By way of illustration, an article published online in The Independent regarding leaked confidential files belonging to Kleinwort Benson, listing its customers with offshore accounts, now carries an apology in the following terms: "An earlier version of this article suggested that Placido Domingo featured in the leaked document… we now understand this was not the case. The account in question was in the name of his son… and related to a trust that was terminated many years ago. Placido Domingo was not the settlor of that trust." The apology indicates the degree of confusion which can cause journalists, many of whom do not have a sophisticated understanding of financial documents they may come into contact with, to reach erroneous and damaging conclusions. Of course, an individual customer affected by a leak of that kind is likely to have a separate complaint against the bank.

There are a number of steps that can be taken to minimise the risk of disclosure of financial affairs, including auditing what information is already publicly available (which in many cases reveals an alarming volume of material) and, where possible, limiting it. Once a threat to financial affairs emerges, then it usually requires swift action to prevent improper use and limit any damage. Potential steps include:

  • Consider an audit of what financial information is already available through legitimate means such as company accounts, regulatory filings such as Companies House or the US Securities and Exchange Commission, or inadvertent publication on social media.

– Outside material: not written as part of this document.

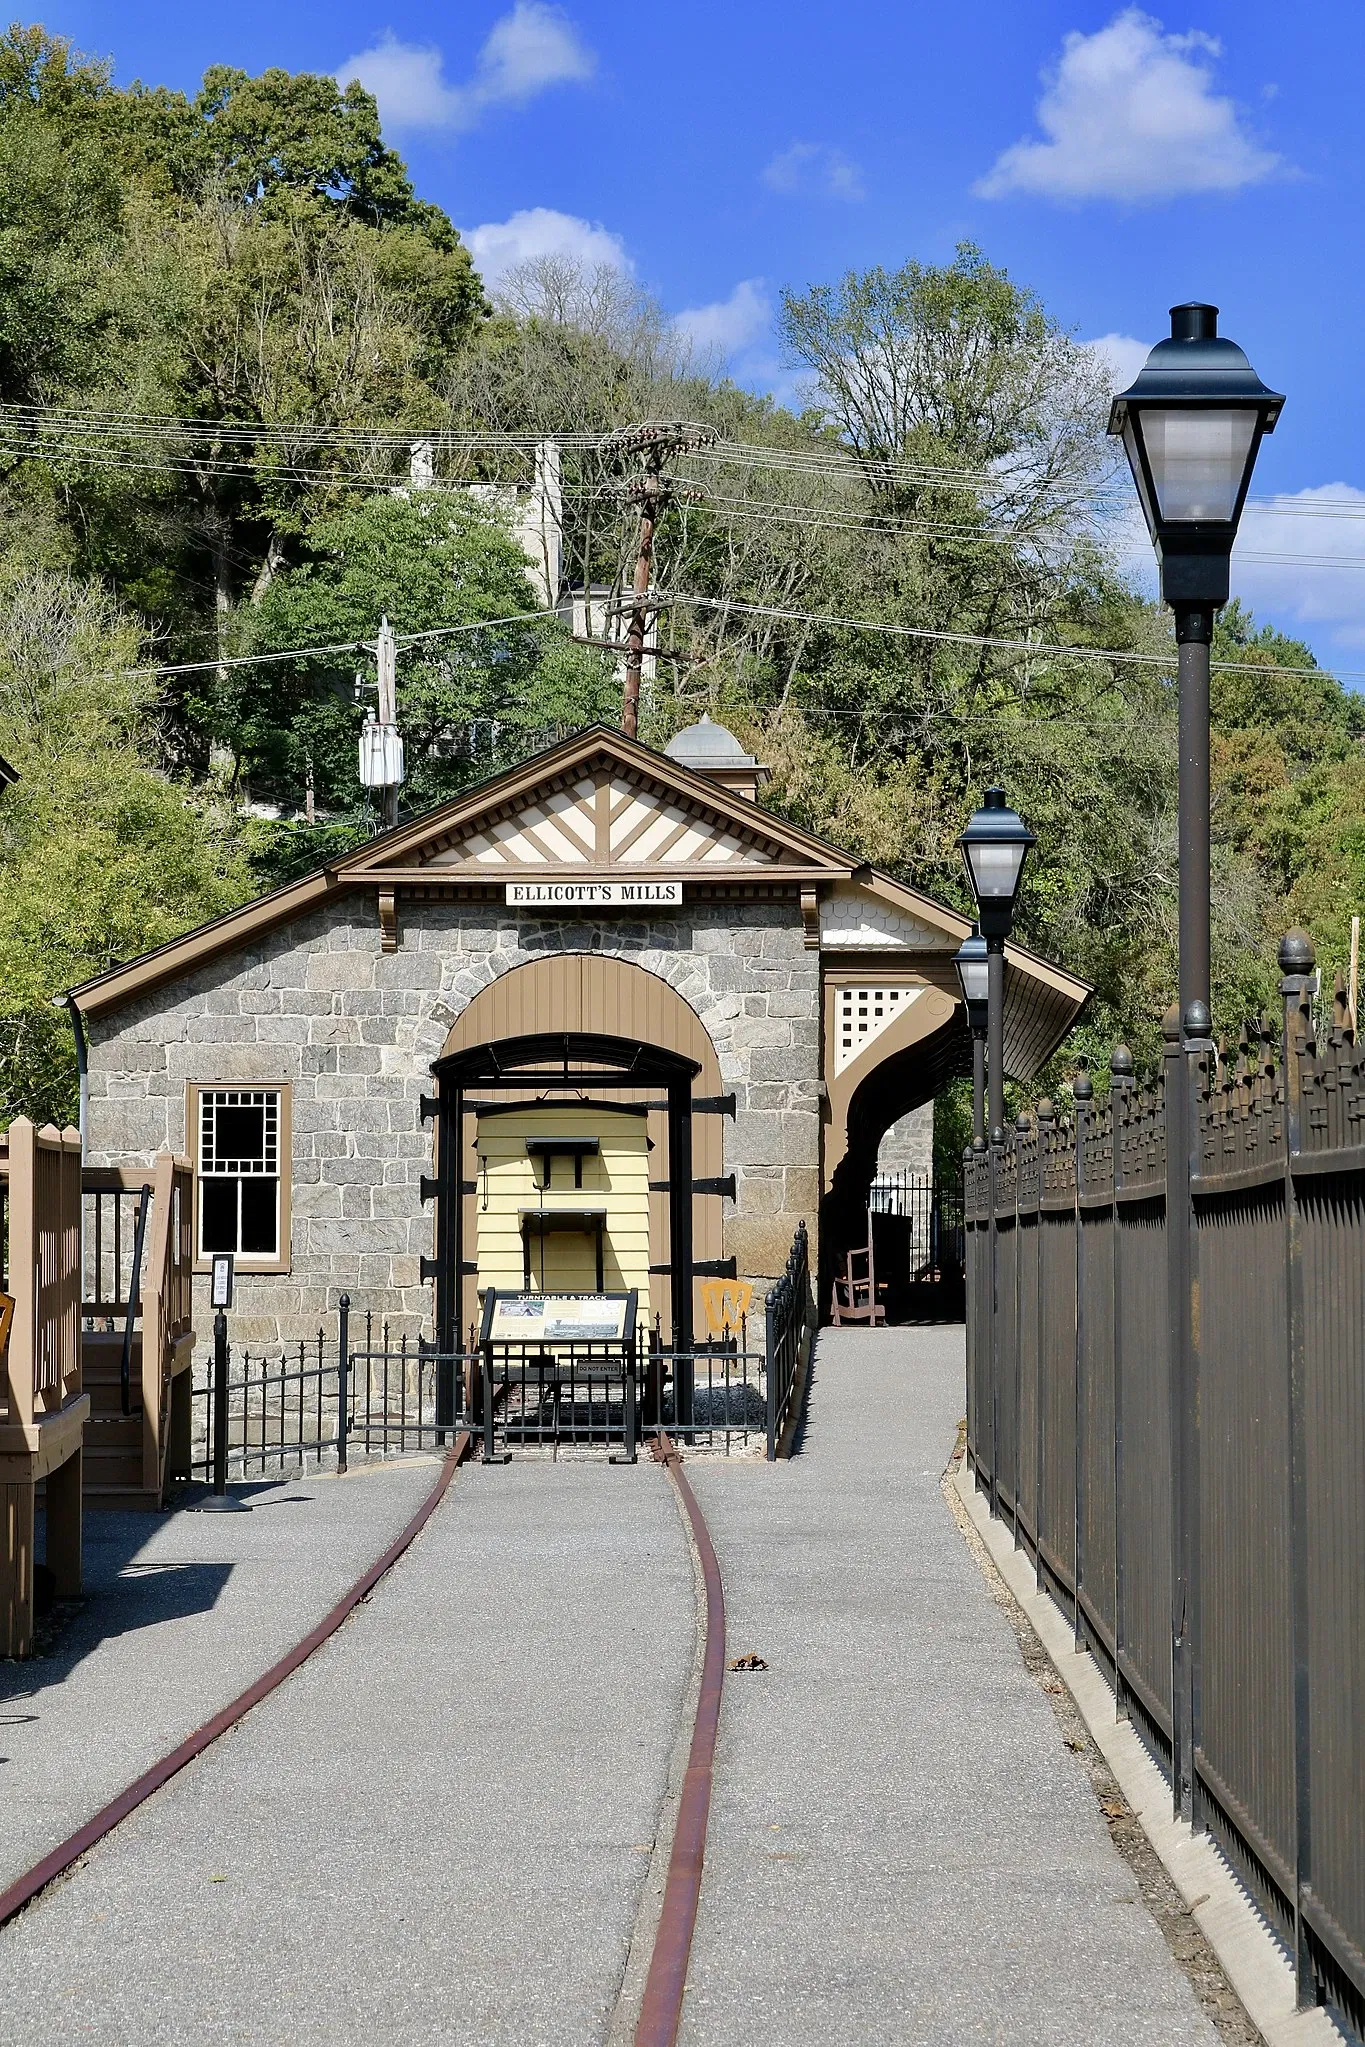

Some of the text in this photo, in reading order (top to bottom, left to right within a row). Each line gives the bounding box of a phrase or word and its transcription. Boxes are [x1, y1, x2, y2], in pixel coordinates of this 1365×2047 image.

[513, 885, 676, 900] ELLICOTT'S MILLS
[707, 1288, 744, 1324] W

  • Where any threat by the media to disclose financial information is made, take steps to ascertain precisely what information the journalist has, and seek advice about whether it has been lawfully obtained and whether its publication will be permitted.

  • If a party who was once trusted with sensitive financial information now threatens inappropriate disclosure, then warn them that such use may be unlawful and, if necessary, obtain a court order prohibiting any misuse.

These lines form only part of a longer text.